Frampton JP, White JB, Simon AB, Tsuei M, Paczesny S, Takayama S - Sci Rep (2014)

Bottom Line: This multiplexing technique is validated using plasma samples from allogeneic bone marrow recipients.The antibody co-localization capability of this technology is particularly useful when using inherently cross-reactive reagents such as polyclonal antibodies, although monoclonal antibody cross-reactivity can also be reduced.Because ATPS-ELISA adapts readily available antibody reagents, plate materials and detection instruments, it should be easily transferable into other research and clinical settings.
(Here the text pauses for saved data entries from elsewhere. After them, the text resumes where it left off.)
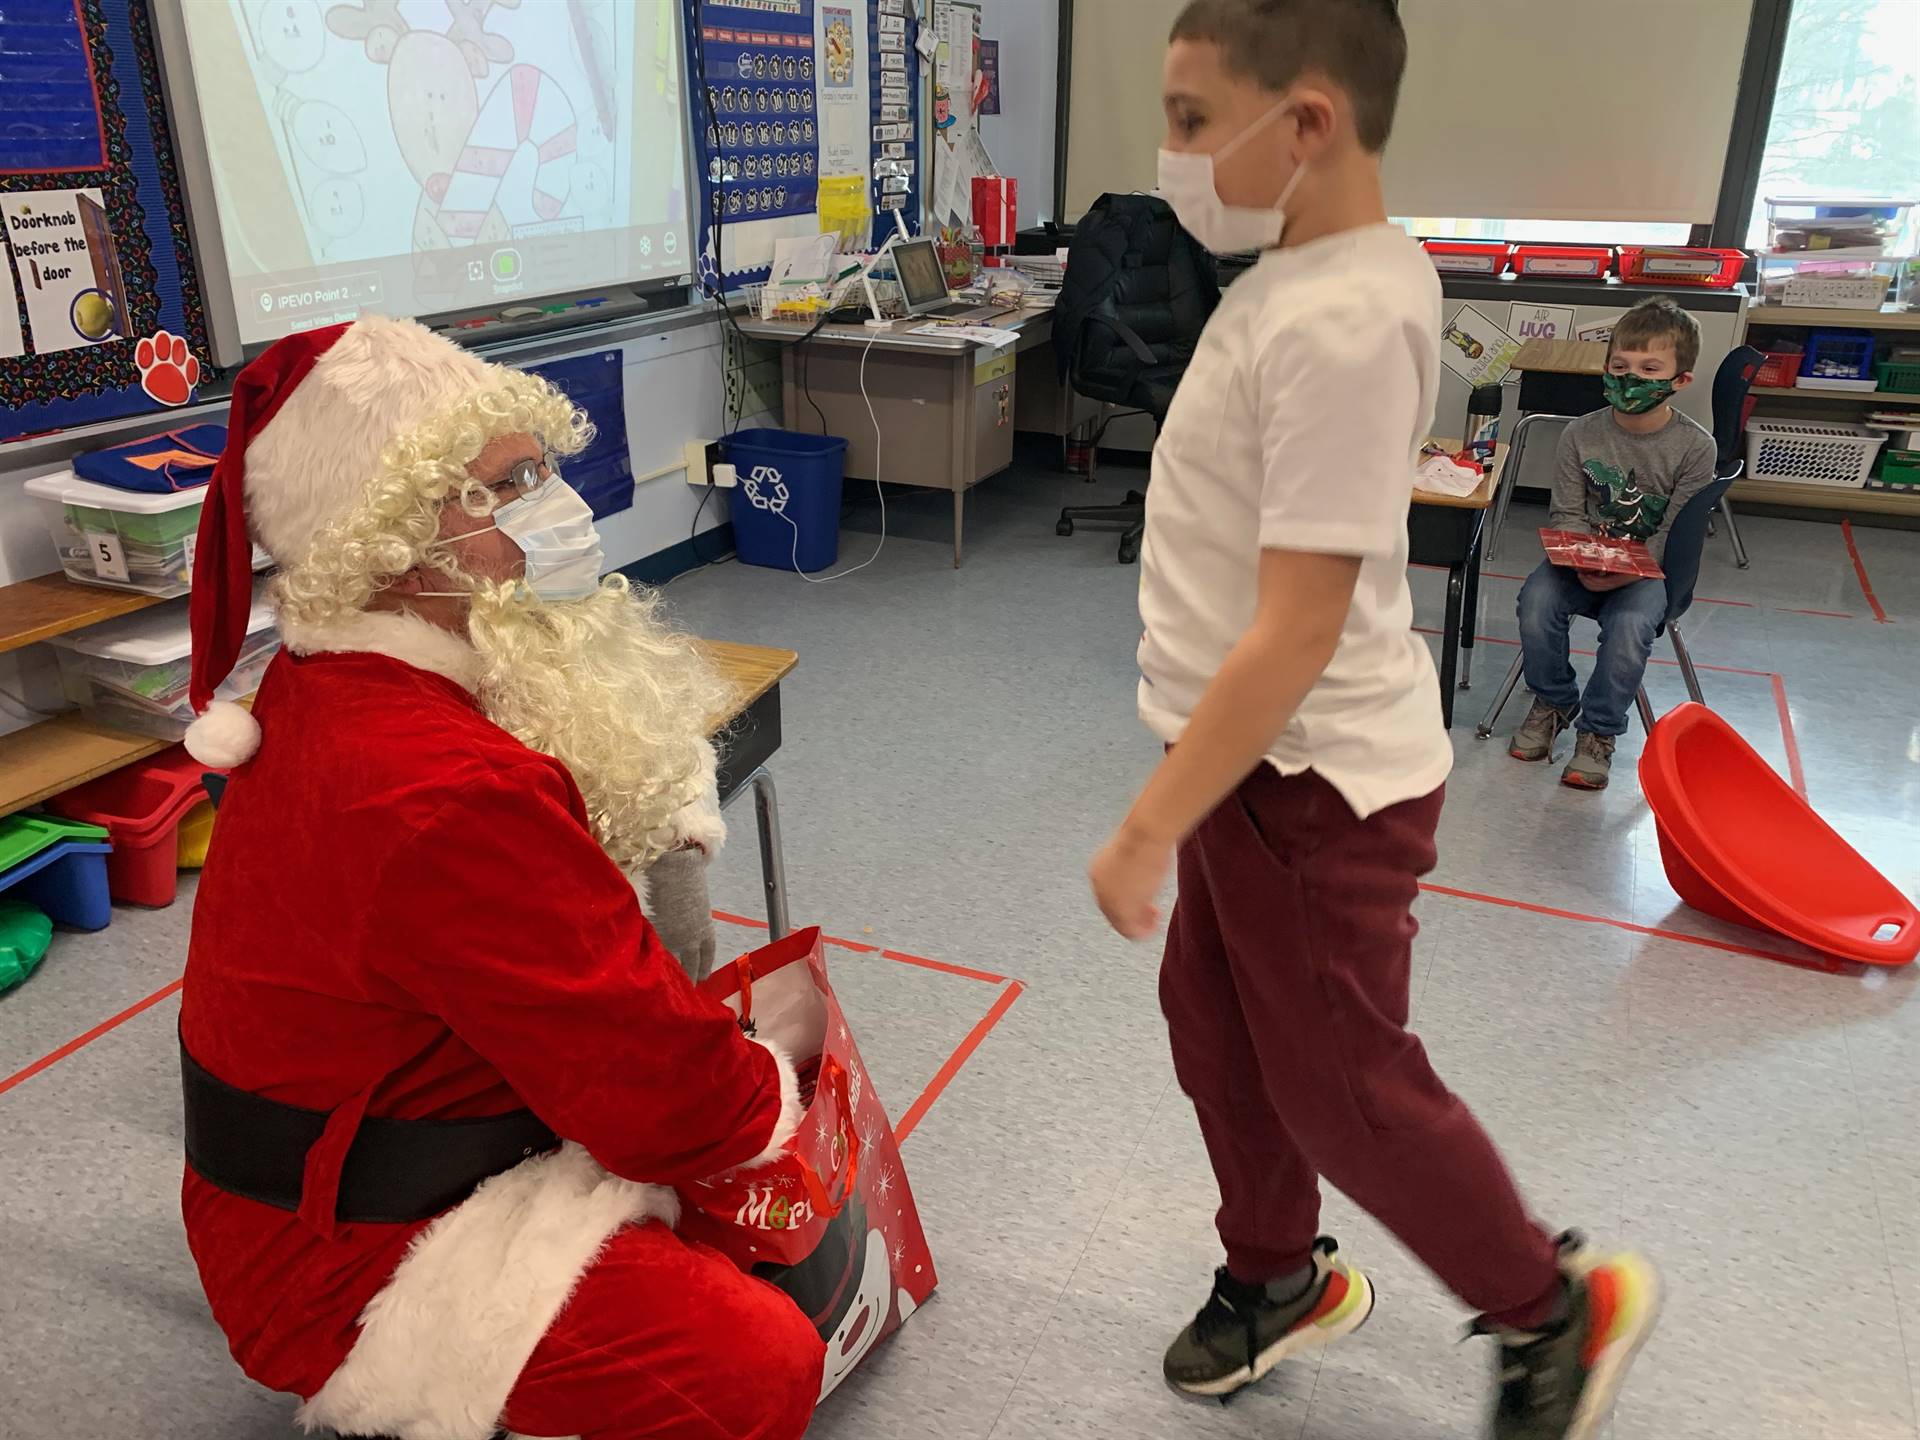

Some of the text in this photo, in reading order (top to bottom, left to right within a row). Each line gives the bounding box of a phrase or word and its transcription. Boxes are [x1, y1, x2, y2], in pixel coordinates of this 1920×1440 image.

[757, 60, 763, 76] 2
[773, 61, 779, 77] 3
[786, 62, 793, 77] 4
[803, 62, 810, 77] 5
[726, 92, 733, 108] 7
[743, 93, 749, 109] 8
[760, 94, 766, 110] 9
[773, 94, 781, 110] 10
[790, 94, 797, 109] 11
[803, 95, 812, 109] 12
[728, 128, 735, 144] 14
[745, 127, 753, 143] 15
[760, 128, 768, 142] 16
[775, 127, 783, 143] 17
[791, 125, 799, 142] 18
[805, 124, 812, 139] 19
[10, 211, 76, 230] Doorknob
[13, 236, 87, 258] before the
[43, 266, 71, 281] door
[278, 292, 313, 309] IPEVO
[315, 288, 341, 303] Point
[341, 287, 349, 299] 2
[1534, 309, 1550, 321] AIR
[1518, 320, 1556, 339] HUG
[98, 543, 112, 562] 5
View Article: PubMed Central - PubMed

Affiliation: Department of Biomedical Engineering, University of Michigan.

ABSTRACT
Accurate disease diagnosis, patient stratification and biomarker validation require the analysis of multiple biomarkers. This paper describes cross-reactivity-free multiplexing of enzyme-linked immunosorbent assays (ELISAs) using aqueous two-phase systems (ATPSs) to confine detection antibodies at specific locations in fully aqueous environments. Antibody cross-reactions are eliminated because the detection antibody solutions are co-localized only to corresponding surface-immobilized capture antibody spots. This multiplexing technique is validated using plasma samples from allogeneic bone marrow recipients. Patients with acute graft versus host disease (GVHD), a common and serious condition associated with allogeneic bone marrow transplantation, display higher mean concentrations for four multiplexed biomarkers (HGF, elafin, ST2 and TNFR1) relative to healthy donors and transplant patients without GVHD. The antibody co-localization capability of this technology is particularly useful when using inherently cross-reactive reagents such as polyclonal antibodies, although monoclonal antibody cross-reactivity can also be reduced. Because ATPS-ELISA adapts readily available antibody reagents, plate materials and detection instruments, it should be easily transferable into other research and clinical settings.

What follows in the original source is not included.